На первый раз это было еще терпимо, но при втором посещении люди уже норовили ускользнуть от словоохотливого хозяина. Палаццо Марескотти, с его старой лепкой и внутренним садиком с фонтаном и лимонными деревцами, само по себе тоже не могло бесконечно интересовать ценителей архитектуры.
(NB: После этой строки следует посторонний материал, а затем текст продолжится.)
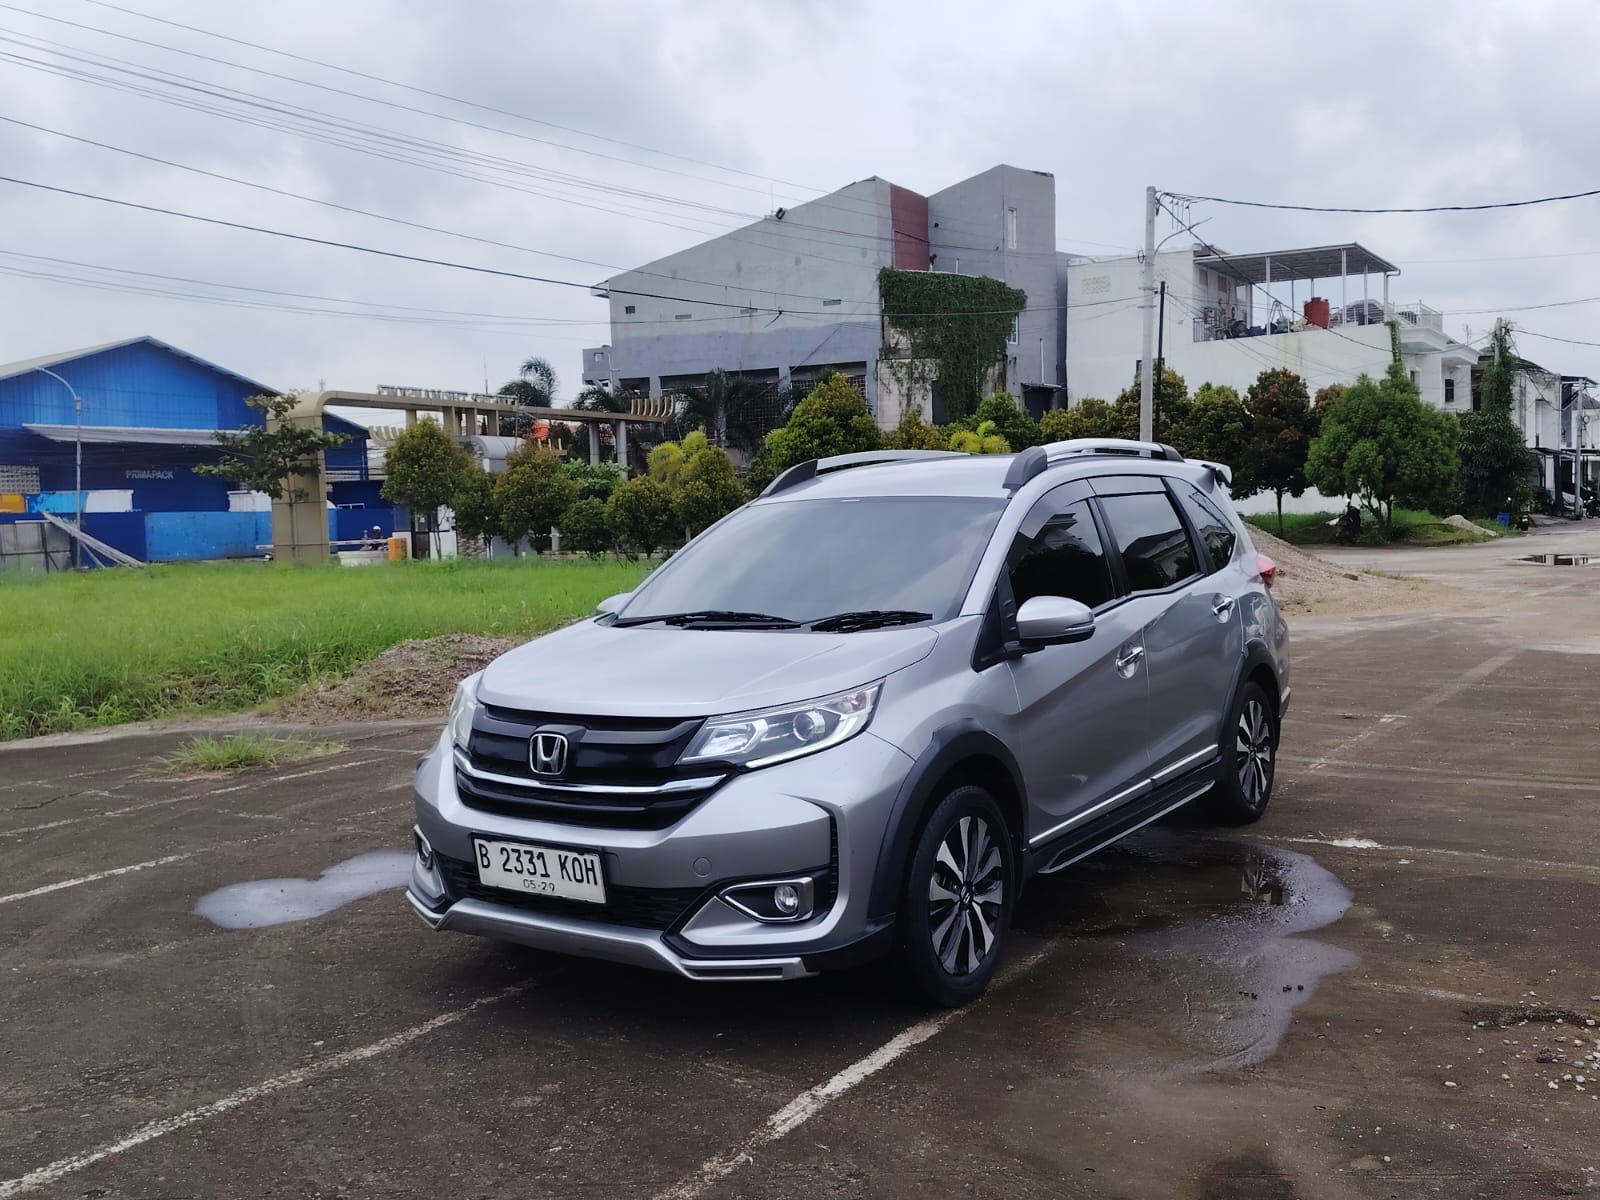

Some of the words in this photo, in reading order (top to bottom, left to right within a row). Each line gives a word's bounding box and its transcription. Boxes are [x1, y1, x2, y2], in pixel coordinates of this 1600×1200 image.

Магнитом дома, его светочем и средоточием была жена Валерия Якоби, Александра Николаевна, "прекрасная Адександрина", или "Ангел-Воитель", как ее прозвали в Риме. Ходили слухи, что у Александры Николаевны в России остался первый муж, за которого ее выдали будто бы насильно, чуть ли не девочкой, что брак этот был очень несчастлив для нее и что Валерий Иванович увез ее от мужа-тирана тайно и только потом добился для нее развода. В картине "Привал арестантов" в женщине-мадонне Якоби изобразил Александру Николаевну. И так хороша была натура, что художник впервые сумел возвыситься над самим собой и сделать что-то настоящее.
12. "АНГЕЛ-ВОИТЕЛЬ"
Золотисто-рыжий вечер спустился над Римом. Постепенно затихали, будто таяли в сумерках, пронзительные голоса газетчиков, стук экипажей. Из крохотного садика палаццо Марескотти в открытые окна студии тек сладкий запах жасмина и зацветающих лимонов. В садике разговаривали и смеялись, и Александра Николаевна, позирующая в студии для портрета, узнавала издали голоса. Вот сказал что-то своим неторопливым, обстоятельным баском Владимир Ковалевский, русский юноша, биолог, посланный в Италию корреспондентом "Санкт-Петербургских ведомостей". Жизнерадостный и энергичный Риццони, модный портретист, рисующий красивых итальянок, ответил ему, и оба они чему-то засмеялись. А вот тихонько зарокотала гитара в руках горбатенького пейзажиста Латынина, и слышно, как Валерий Иванович требует, чтоб он спел непременно что-нибудь гусарское.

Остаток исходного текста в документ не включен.